Jansankhya Sthirata Kosh/National Population Stabilization Fund has adopted the following strategies as a population control measure:-

  • Prerna Strategy:- JSK has launched this strategy for helping to push up the age of marriage of girls and delay in first child and spacing in second child the birth of children in the interest of health of young mothers and infants. The couple who adopt this strategy awarded suitably. This helps to change the mindsets of the community.
  • Santushti Strategy:- Under this strategy, Jansankhya Sthirata Kosh, invites private sector gynaecologists and vasectomy surgeons to conduct sterilization operations in Public Private Partnership mode. The private hospitals/nursing home who achieved target to 10 or more are suitably awarded as per strategy.
  • National Helpline: – JSK also running a call centers for providing free advice on reproductive health, family planning, maternal health and child health etc. Toll free no. is 1800116555.
  • Advocacy & IEC activities:- JSK as a part of its awareness and advocacy efforts on population stabilization, has established networks and partnerships with other ministries, development partners, private sectors, corporate and professional bodies for  spreading its activities through electronic media, print media, workshop, walkathon, and other multi-level activities etc. at the national, state, district and block level.

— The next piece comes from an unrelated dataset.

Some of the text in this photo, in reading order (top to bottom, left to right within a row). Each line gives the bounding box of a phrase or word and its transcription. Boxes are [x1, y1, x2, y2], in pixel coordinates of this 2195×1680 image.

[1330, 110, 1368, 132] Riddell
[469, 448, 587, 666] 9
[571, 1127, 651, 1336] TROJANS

India, projected to surpass China as the world’s most populous country around 2027, is expected to add nearly 273 million people between now and 2050 and will remain the most populated country through the end of the current century according to a UN report.

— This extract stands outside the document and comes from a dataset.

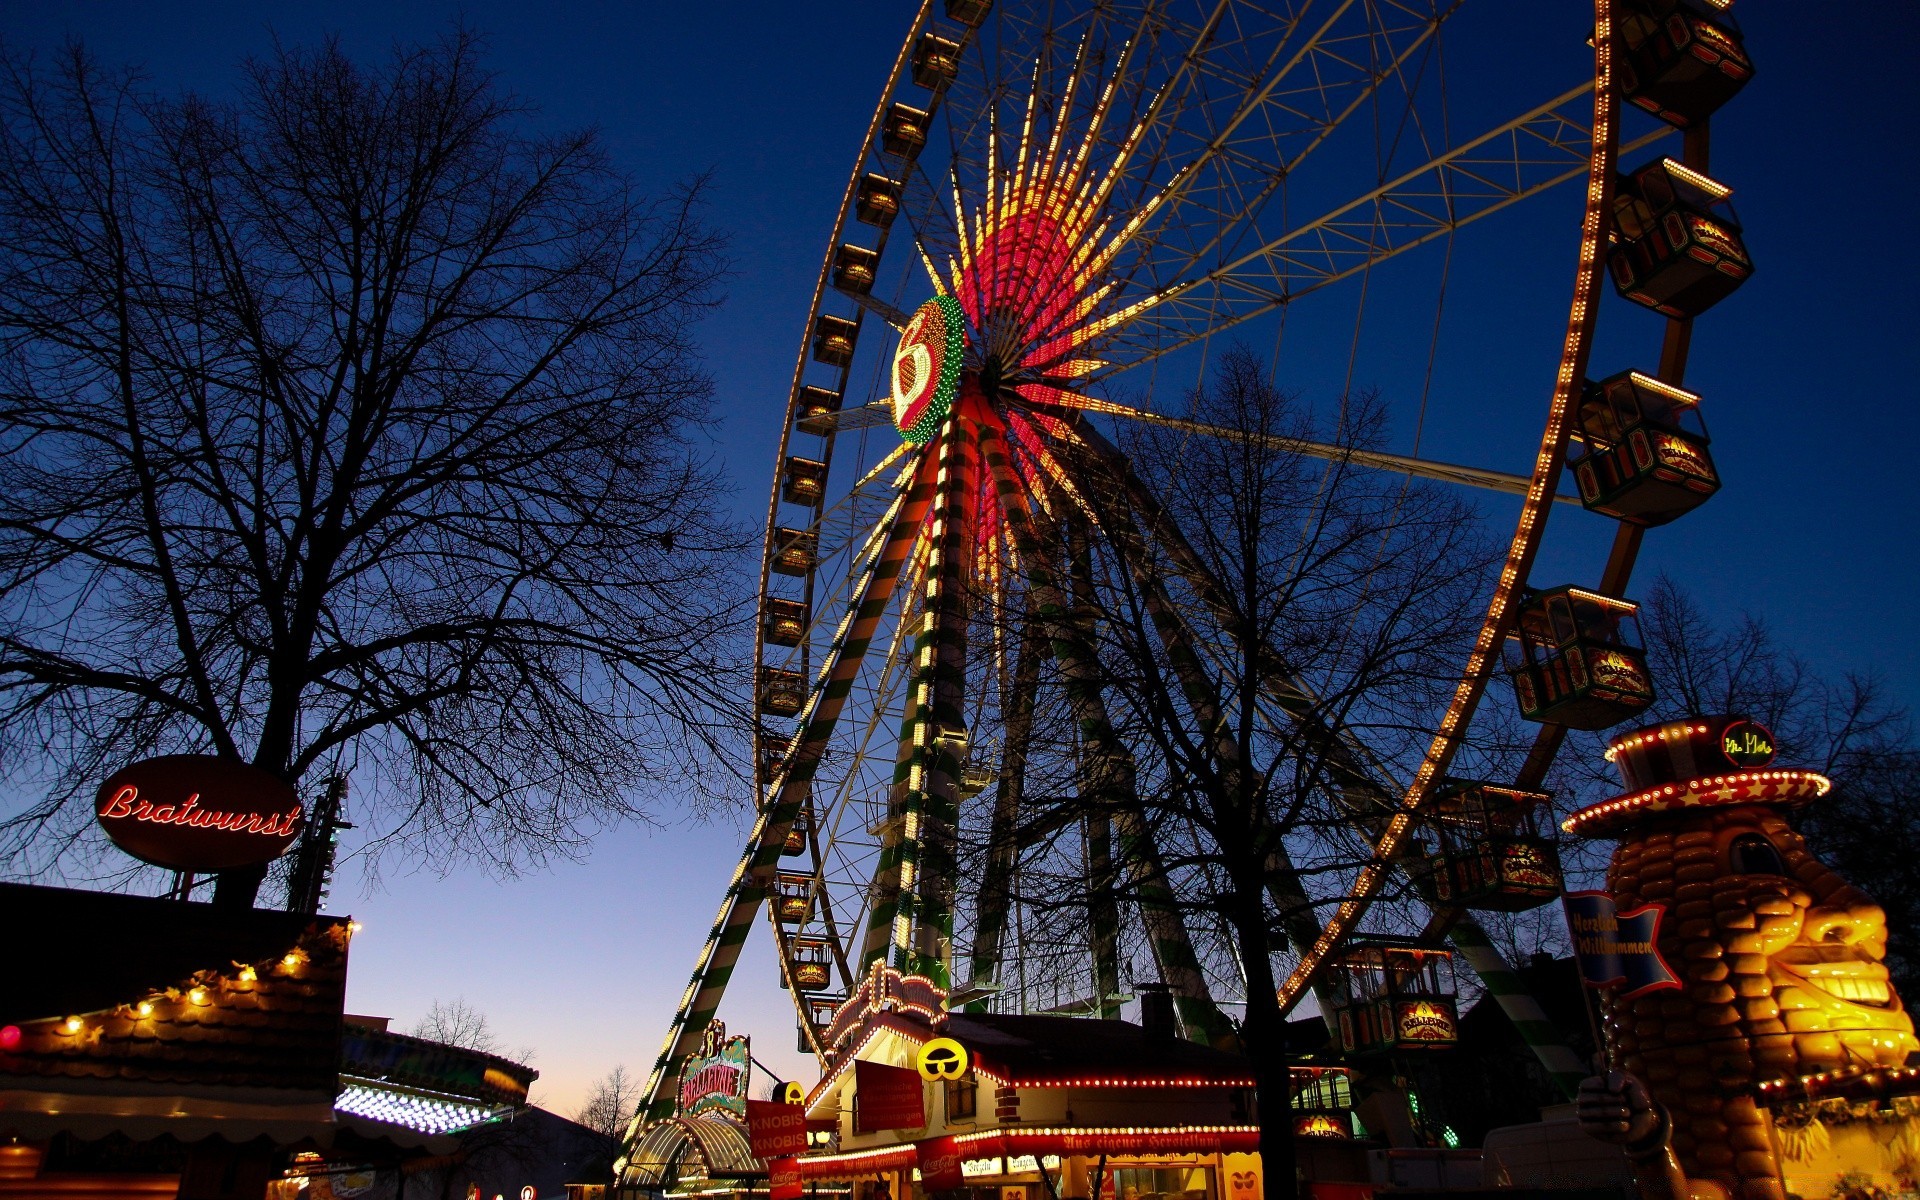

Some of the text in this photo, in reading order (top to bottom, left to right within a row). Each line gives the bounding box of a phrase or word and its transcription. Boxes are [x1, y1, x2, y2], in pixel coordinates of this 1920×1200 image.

Population projection is a scientific attempt to peep into the future population scenario, conditioned by making certain assumptions, using data relating to the past available at that point of time. Assumptions used and their probability of adhering in future, forms a critical input in this mathematical effort. Predicting the future course of human fertility and mortality is not easy, especially when looking beyond much further in time. Medical and health intervention strategies, food production and its equitable availability, climatic variability, socio-cultural setting, politicoeconomic conditions and a host of other factors influence population dynamics, making it a somewhat unpredictable exercise. Therefore, much caution must be exercised when either making or using the population projections and the context of various conditions imposed, should not be lost sight of on the basis of past behaviour and the likely future scenario assumed. Different population projections at the country level are made by the Government, National and International agencies from time to time. In addition, individual demographers make projections for the country as a whole and sometimes at the sub-national level also. The international agencies who make projections for the world as a whole and also for individual countries are the United Nations Population Division, the World Bank, the United Nations Population Fund (UNFPA) etc. The need for population projection in India at various levels and by different components like age, sex, rural-urban etc., for the use by the official agencies uniformly, both at the center and the states was keenly felt in 1958 on the eve of the formulation of the third five year plan.

The Planning Commission constituted a Technical Group on Population Projections in 1996 under the chairmanship of the Registrar General, India with the following objectives:-
  • To review the methodology of Population Projections adopted in the past
  • To prepare fresh projections of mortality status and parameters of fertility conditions based on changed pattern of contraceptive use and proportion of married females (1991 Census) and other characteristics
  • To make population projections afresh up to 2016
  • To prepare projections of the possible period when NRR = 1 will be achieved by the States / UTs and the country as a whole.